1. Contexte : Les fonds marins, encore appelés profondeurs marines ou océaniques sont la couche la plus basse de l’océan. On y retrouve deux types d’organismes vivants : les benthiques et les pélagiques. Les premiers représentent les organismes vivants sur le plancher océanique tels que les homards et les crabes. Quant aux seconds, à l’image du Zooplancton, ils passent leur temps dans la colonne d’eau ou à flotter à la surface. On retrouve dans cette catégorie les baleines, calmar, poissons… etc. En sus de la biodiversité marine, les fonds marins renferment de métaux précieux tels que l’or, l’argent, le cuivre, le cobalt et d’autres éléments de terres rares. Il s’agit de dépôt de sulfures (sulfures massifs du fond marin) qui peuvent contenir des concentrations de minéraux et de ressources jusqu’à 10 fois supérieures à ce qu’on trouve sur terre.

La prise de conscience des richesses existantes dans les fonds marins a fait naitre une ruée vers l’exploitation minière en haute mer. Cette dernière est une méthode de récupération de minéraux qui se déroulent généralement à des profondeurs de 4500 pieds à 12 000 pieds autour de zones avec des nodules métalliques, ainsi que des zones avec des niveaux élevés d’activité géothermique. Ces activités sont organisées et contrôlées par l’autorité internationale des fonds marins (AIFM) qui est un organisme intergouvernemental autonome fondé sous l’égide de l’ONU.
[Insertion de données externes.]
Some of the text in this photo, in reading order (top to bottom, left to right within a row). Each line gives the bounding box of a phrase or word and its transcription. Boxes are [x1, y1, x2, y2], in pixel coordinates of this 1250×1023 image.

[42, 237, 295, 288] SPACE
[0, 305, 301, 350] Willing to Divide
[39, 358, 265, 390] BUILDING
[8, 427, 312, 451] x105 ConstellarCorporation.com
2. Histoire : L’existence de dépôts de minéraux dans les profondeurs de l’océan est connue depuis les années 1860 mais il a fallu les années 1960 pour qu’une attention particulière soit portée à ces ressources. Tout est parti de la publication d’un ouvrage par le géologue américain John L. Mero intitulé : The Mineral Resources of the Sea. Le succès de l’ouvrage a emmené l’ambassadeur maltais Arvid Pardo à proposer à l’ONU que les ressources de fonds marins soient considérées comme le « patrimoine commun de l’humanité ». Il a par ailleurs souhaité qu’un système de réglementation internationale soit mis en place afin d’éviter que les pays les plus avancés sur le plan technologique ne colonisent les fonds marins et ne détiennent le monopole sur ces ressources au détriment des pays en développement.
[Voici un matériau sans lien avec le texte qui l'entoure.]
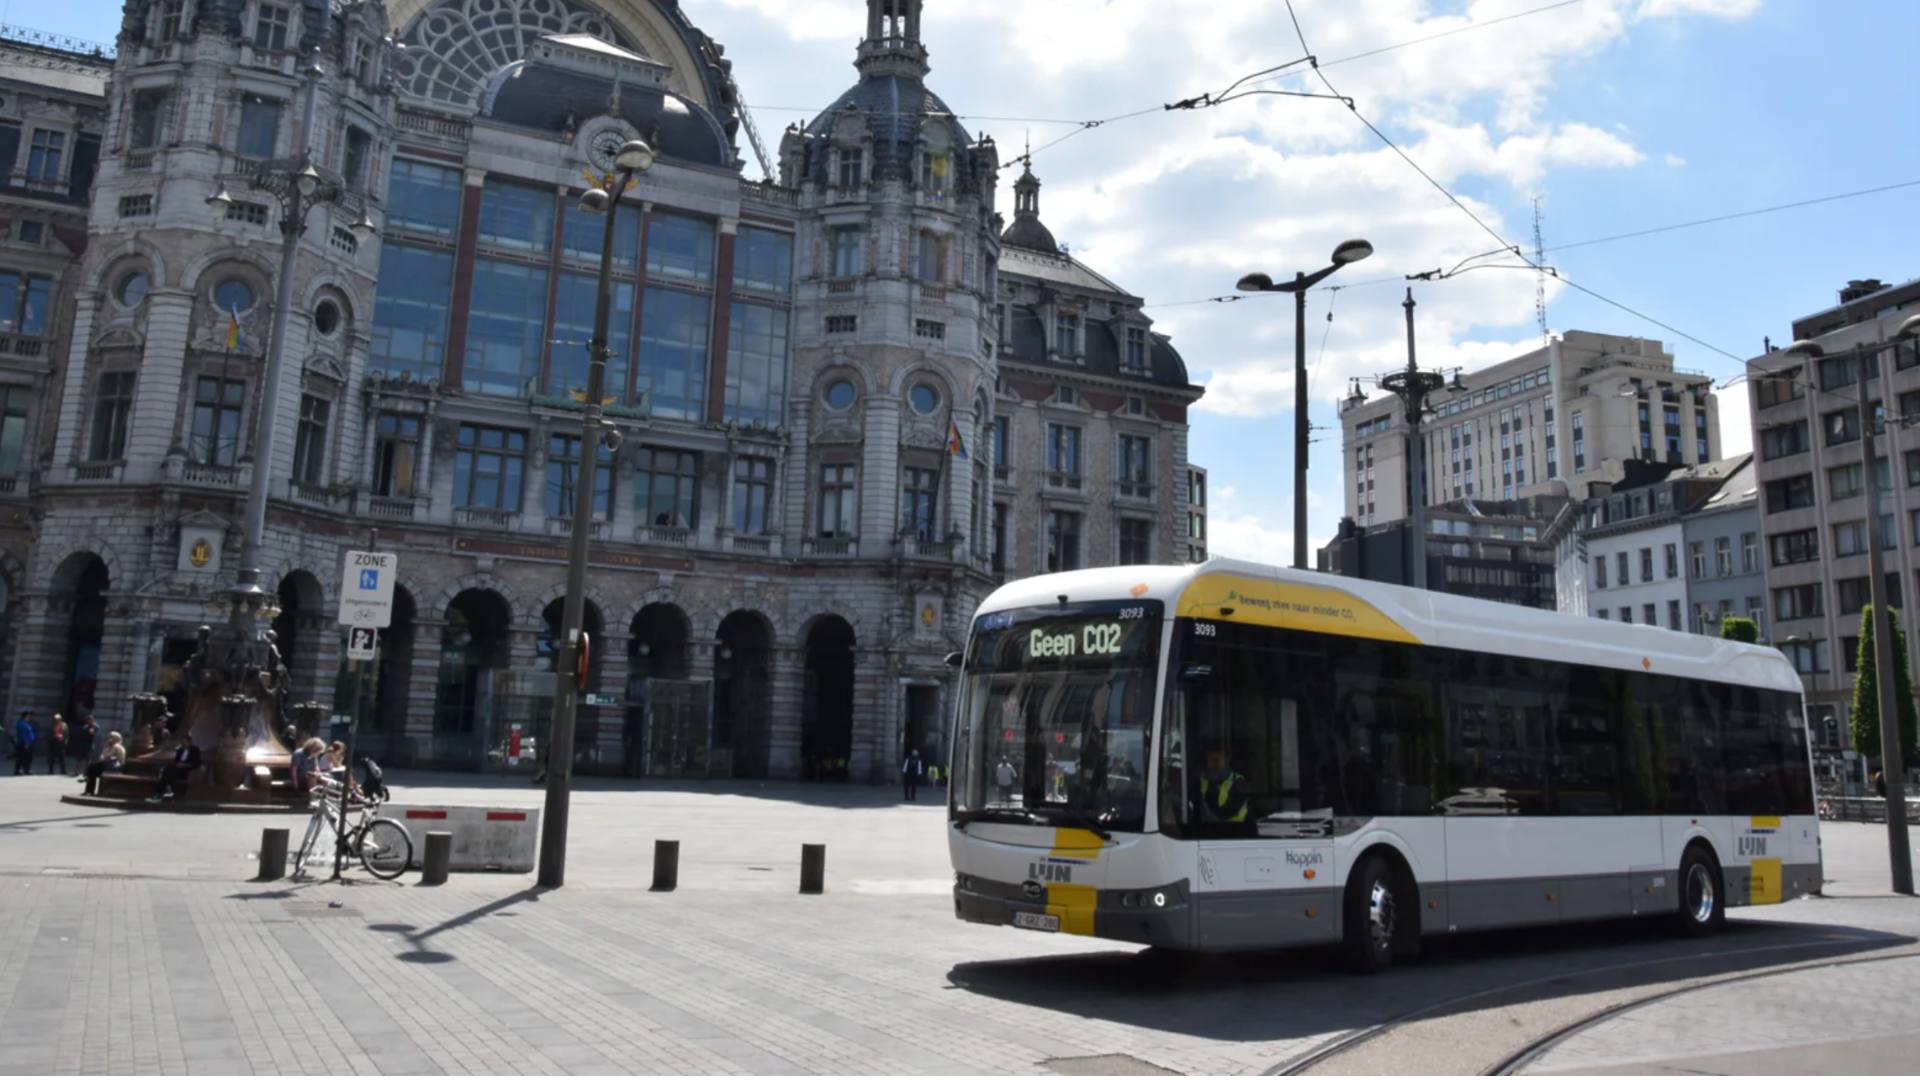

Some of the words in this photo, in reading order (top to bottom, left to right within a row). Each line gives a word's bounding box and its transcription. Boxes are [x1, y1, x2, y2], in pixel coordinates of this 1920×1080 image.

[354, 554, 387, 567] ZONE
[1118, 607, 1144, 620] 3093
[1194, 623, 1216, 637] 3093
[1030, 628, 1075, 657] Geen
[1083, 623, 1121, 655] CO2
[1285, 849, 1323, 867] Hoppin
Suivant ces conseils, l’ONU a adopté en 1970 une déclaration des principes régissant le fonds des mers et des océans, ainsi que leur sous-sol, au-delà des limites de la juridiction nationale, qui affirmait que les fonds marins devaient être affectés à des fins exclusivement pacifiques. Il déclare de ce fait les ressources minérales des fonds marins étaient « le patrimoine commun de l’humanité » devant être développées dans l’intérêt de l’humanité dans le cadre d’un mécanisme international devant être mis en place à cette fin.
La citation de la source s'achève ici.